Our Big Kids game is once a month (or so) and the Little Kids game is about the same.  Advancement will be slow, but I am looking forward to it all.

Friday, April 16, 2010

Of Orcus and Generalists

Lots of comments this week.

Orcus vs. Demogorgon
If this were the demonic throwdown then Orcus overwhelms Demogorgon.  Far more comments and hits.  I have to say though a large part of that is because of the Tod Lockwood art.   But even when I have something similar in the past Orcus usually wins too.  I like Demogorgon and think there is tons of untapped horror there and even something that makes him more demon than Orcus.  But Orcus looks like he could be on the cover of an 80's metal album.  Yeah I can see than, some band out of England in the 80's or a Death Metal band out of Norway or Finland today.  Name them Orküs or something like that.  Some one get Raggi on the phone, he would know.

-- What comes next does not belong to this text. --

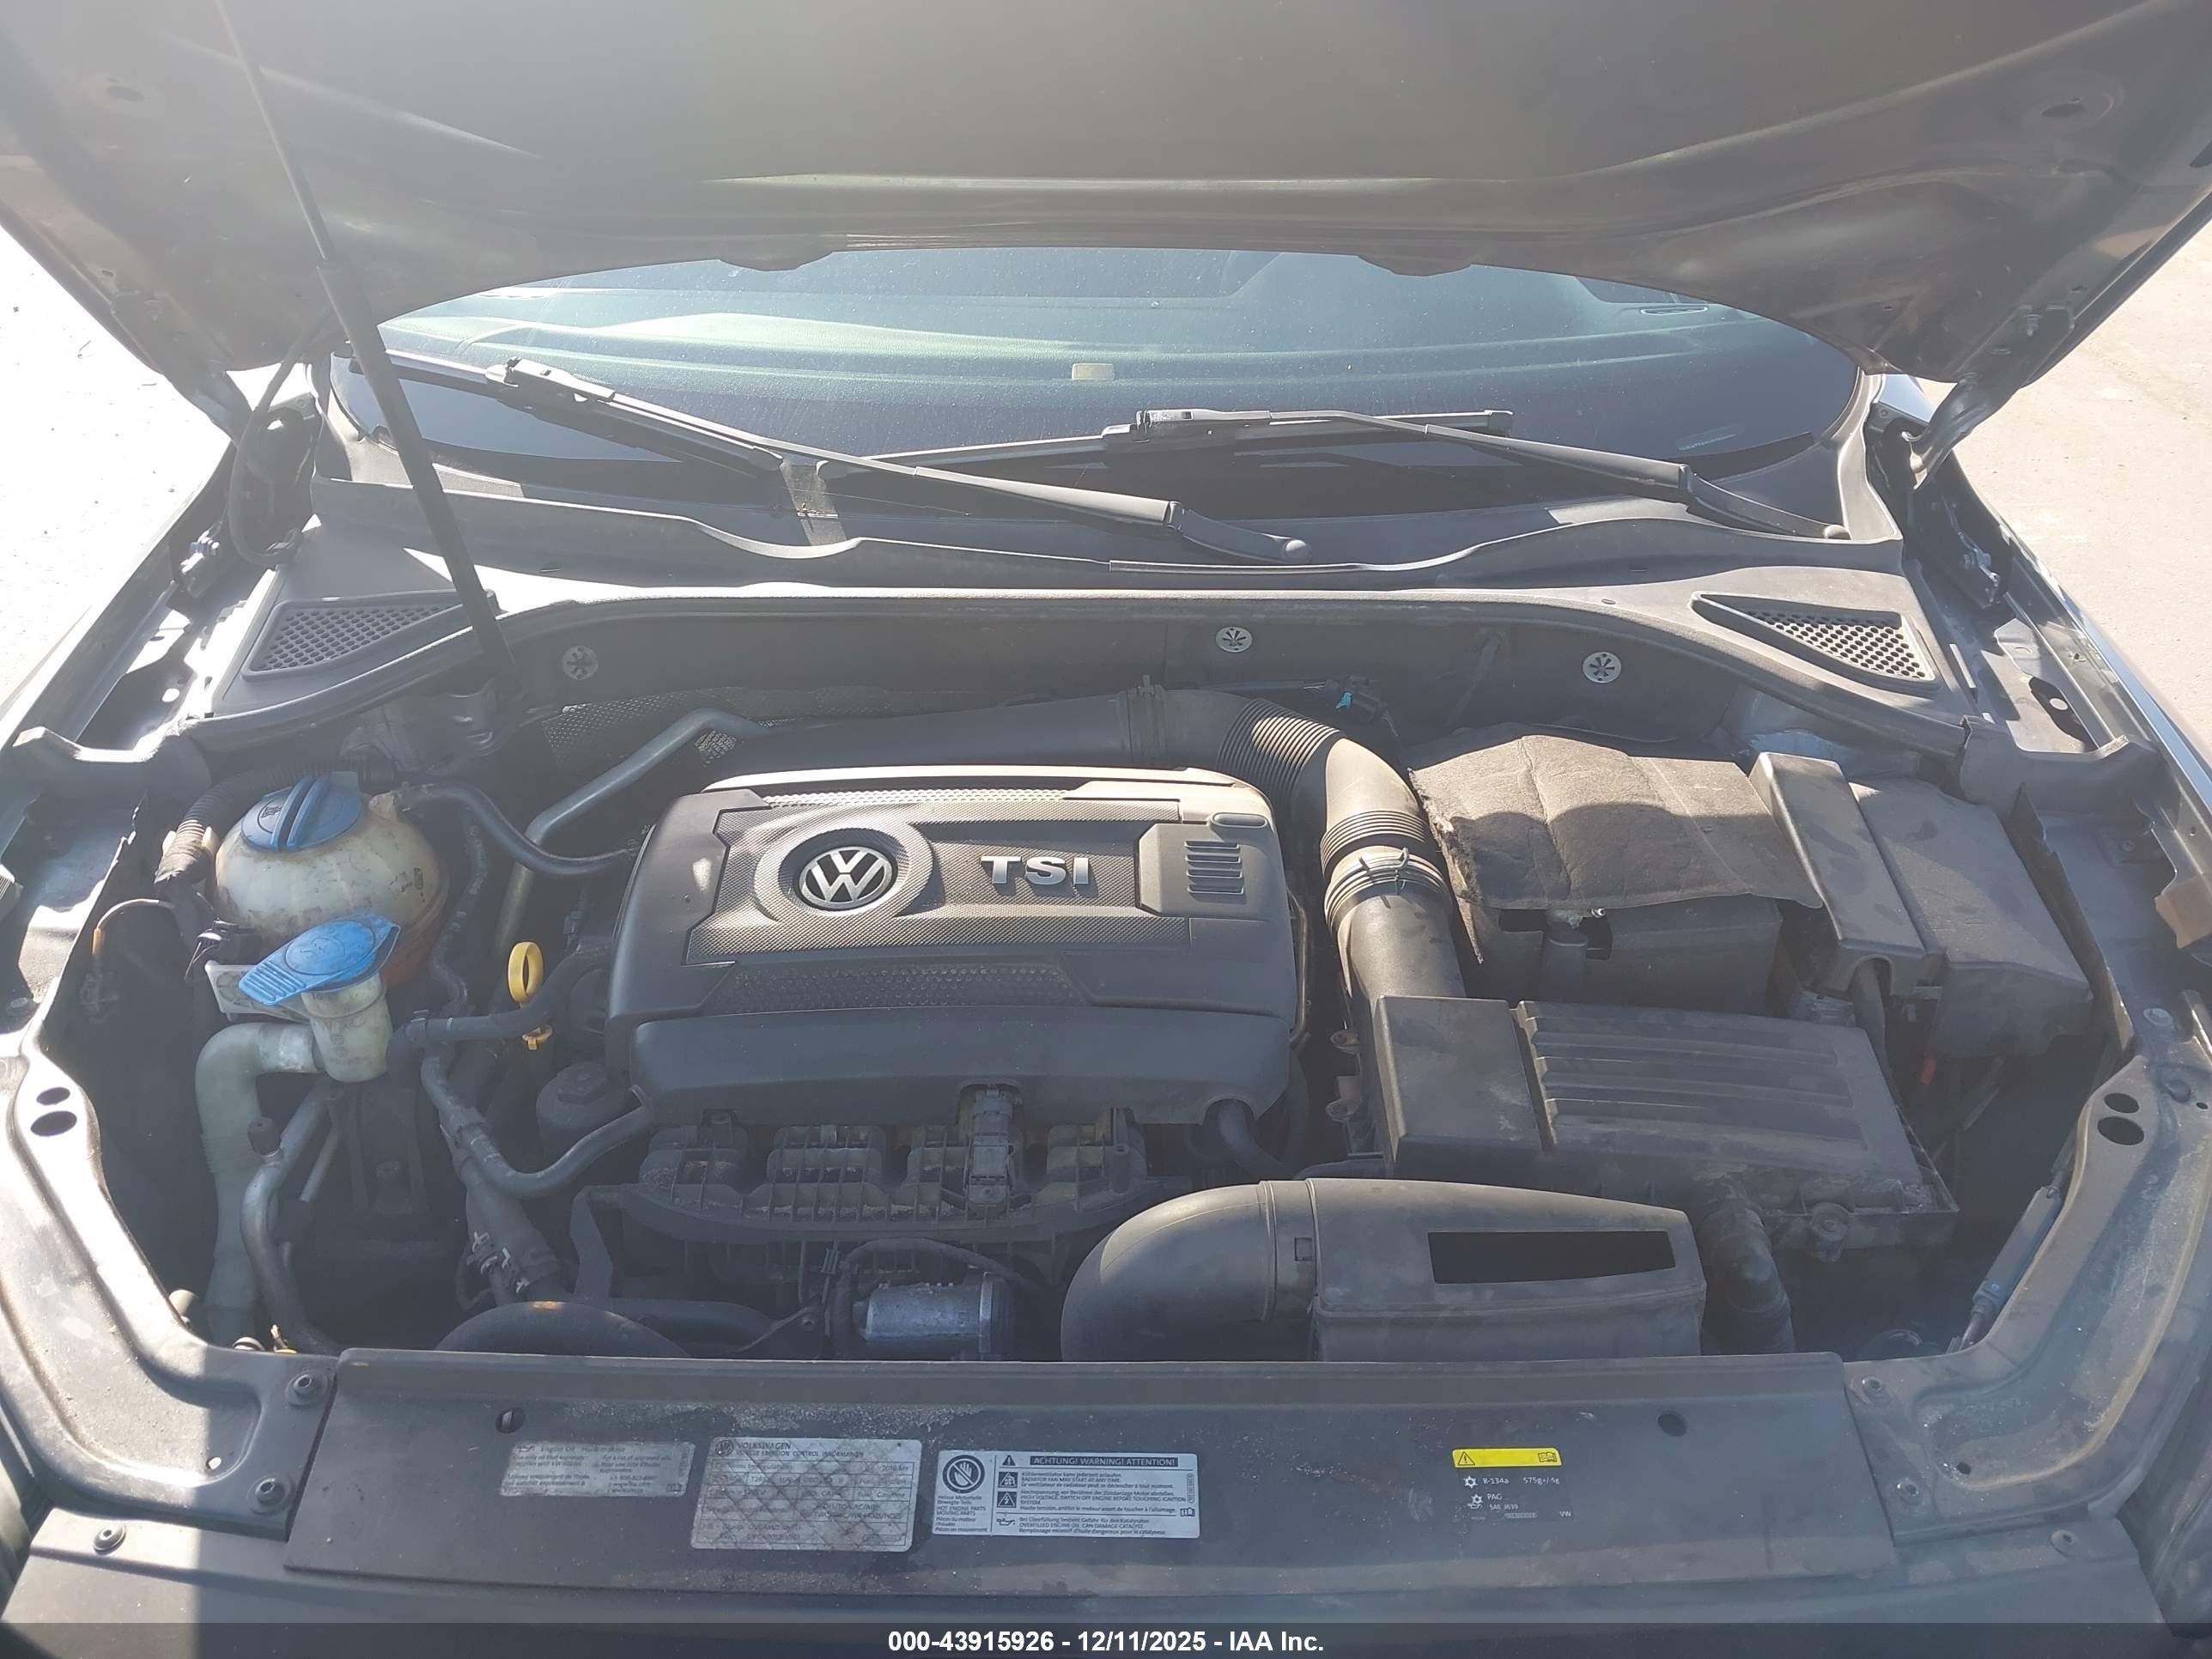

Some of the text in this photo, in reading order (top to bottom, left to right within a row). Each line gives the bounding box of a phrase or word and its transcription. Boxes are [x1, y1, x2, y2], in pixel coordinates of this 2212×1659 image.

Generalist vs. Specialists
Generalist seems to be the rule of the day here too.  But that is also not a surprise given the population that reads this blog.  I throw out stats for Unisystem, WitchGirls, d20, D&D of all shapes and size. You all must like that stuff.  The Specialists have their own blogs.  There are also seem to be dabblers.  People that are Specialists in one or two systems and fluent in a dozen more.
I still wish though that I had a better name for Generalist.

More later including a "new" game for me...Rifts.

Thursday, April 15, 2010

Gen Con Schedule tool.

Thanks to Joethelawyer I have this cool Gen Con webpage/app.

Let's you see what is happening and allows me to check on my Ghosts of Albion games.
What I thought was really cool was the ability to send it right to my Google Calendar, which I have connected to my Pre and my work account.  So with a click I now have it all stored and ready to go.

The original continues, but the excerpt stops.